See comment in Checkpoint analysis about the nature of the competitive environment.  Yes, it's crowded.  Yet, it's competitive.  But that doesn't mean a huge amount of business isn't being locked up without too much competitive conflict.

"So we believe the security industry remain healthy, though growing at a slower rate than what was previously estimated. On average, research firm have the growth rate of now secured to be somewhere between 6% to 10% year-over-year"

A good stat to baseline growth against.  

"Fortinet hold more certifications than any other security vendor"

I have no idea how to test/validate this, so I'll accept it as is.  An impressive statement given their relative youth in the market.

"On the innovation front, we introduced a new product that strengthen our advantage across our core market. This includes a new FortiGuard cloud-based sandboxing and IP reputation service, designed to help protect against advanced persistent threats. Using behavioral attributes to detect malware by executing them within a virtual environment."

See above commentary re: Checkpoint's Threat Emulation system.  I'm actually not sure who was first into this market, and it's too early to say who is best, but regardless, expect it to feel like Attack of the Clones in the next 12-24 months.

"we also continued to invest in sales headcount and marketing activities to support long-term growth"

See Symantec.  There are going to be a bunch of sales managers available pretty soon.

"Q1 billings were $148.5 million during the first quarter, an increase of $11.5 million or 8% year-over-year."

That's a bit healthier.  Nicely done.

"EMEA billings grew 8% despite the continued macro uncertainty there. And APAC grew very nicely at 25% with good traction in Japan, Southeast Asia and India."
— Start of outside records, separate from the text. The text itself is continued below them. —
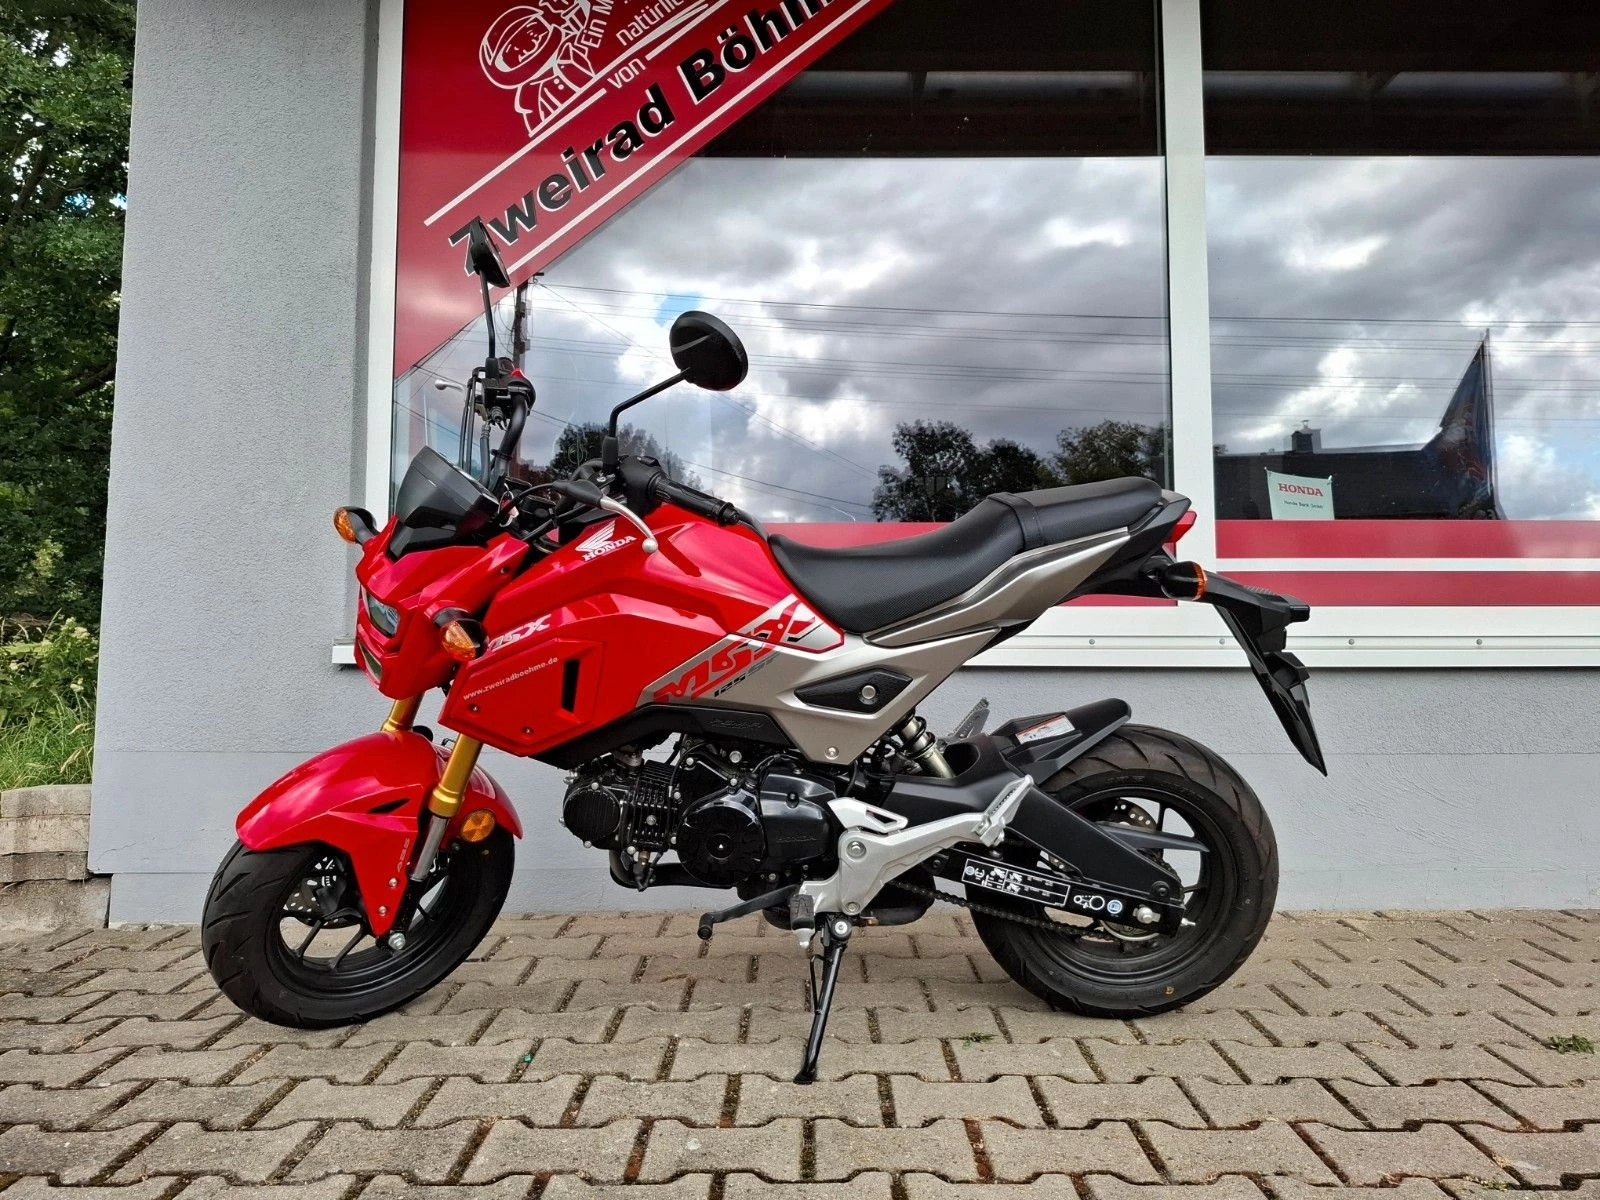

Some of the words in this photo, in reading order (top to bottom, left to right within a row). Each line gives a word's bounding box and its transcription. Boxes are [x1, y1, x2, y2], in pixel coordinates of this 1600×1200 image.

[580, 19, 607, 48] Ein
[607, 58, 646, 89] von
[1278, 483, 1324, 497] HONDA
[582, 535, 637, 561] HONDA
[463, 656, 559, 701] www.zweiradboehme.de
Wow.  25% is indeed a very healthy growth rate.  Not sure what the base was, but shows there is still a pretty significant unsatisfied market need.
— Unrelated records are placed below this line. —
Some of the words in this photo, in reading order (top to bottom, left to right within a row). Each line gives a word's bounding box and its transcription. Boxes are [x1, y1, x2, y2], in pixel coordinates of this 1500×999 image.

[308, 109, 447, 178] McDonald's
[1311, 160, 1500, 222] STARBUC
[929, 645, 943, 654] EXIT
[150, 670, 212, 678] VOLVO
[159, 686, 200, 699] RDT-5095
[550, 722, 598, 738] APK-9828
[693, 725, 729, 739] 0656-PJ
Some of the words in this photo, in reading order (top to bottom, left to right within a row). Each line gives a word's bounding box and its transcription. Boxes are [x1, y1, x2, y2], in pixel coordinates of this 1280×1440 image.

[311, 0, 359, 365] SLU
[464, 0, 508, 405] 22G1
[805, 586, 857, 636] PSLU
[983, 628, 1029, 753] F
"In the Americas, we won a 7-figure deal with a large U.S. based wireless carrier where we replaced Palo Alto Networks. We were selected because of our superior reliability, scalability and overall firewall performance."
"[on a different deal]...we beat out Check Point, Juniper, Palo Alto Networks and Cisco in this deal, based again on performance and breadth of functionality we offer..."
"[on a different deal]...we beat Cisco, Check Point, McAfee and Blue Coat in this deal..."

These statements are interesting because Symantec and Checkpoint seemed to not really want to name or discuss competitors at all.  Whereas Fortinet just get straight into competitor-smack-down.  As Robbie Williams says, "sing when you're winning."

"give you some color"

This one was everywhere.  Seven appearances in the transcript, and they weren't talking about the flashing lights on the firewalls.   I read it in the Checkpoint discussion too (3 appearances) and Symantec (2 appearances).  Sounds like the latest buzzword.  Excellent.  It seems that "can you give us some color about..." basically means "can you give us some detail about..."  But the people who say the former, rather than the latter, I assume get well rewarded for their command of management linguistics.  Is it just a coincidence that the more the word 'color' is thrown about, the higher the company's year-to-year growth?  

"In terms of the strategy, I think the strategy is pretty obvious. Look, the product is advantaged in one particular context, and that is, it can do more with higher performance, far more reliable, far more scalable."

Great clarity.  You don't get that a lot.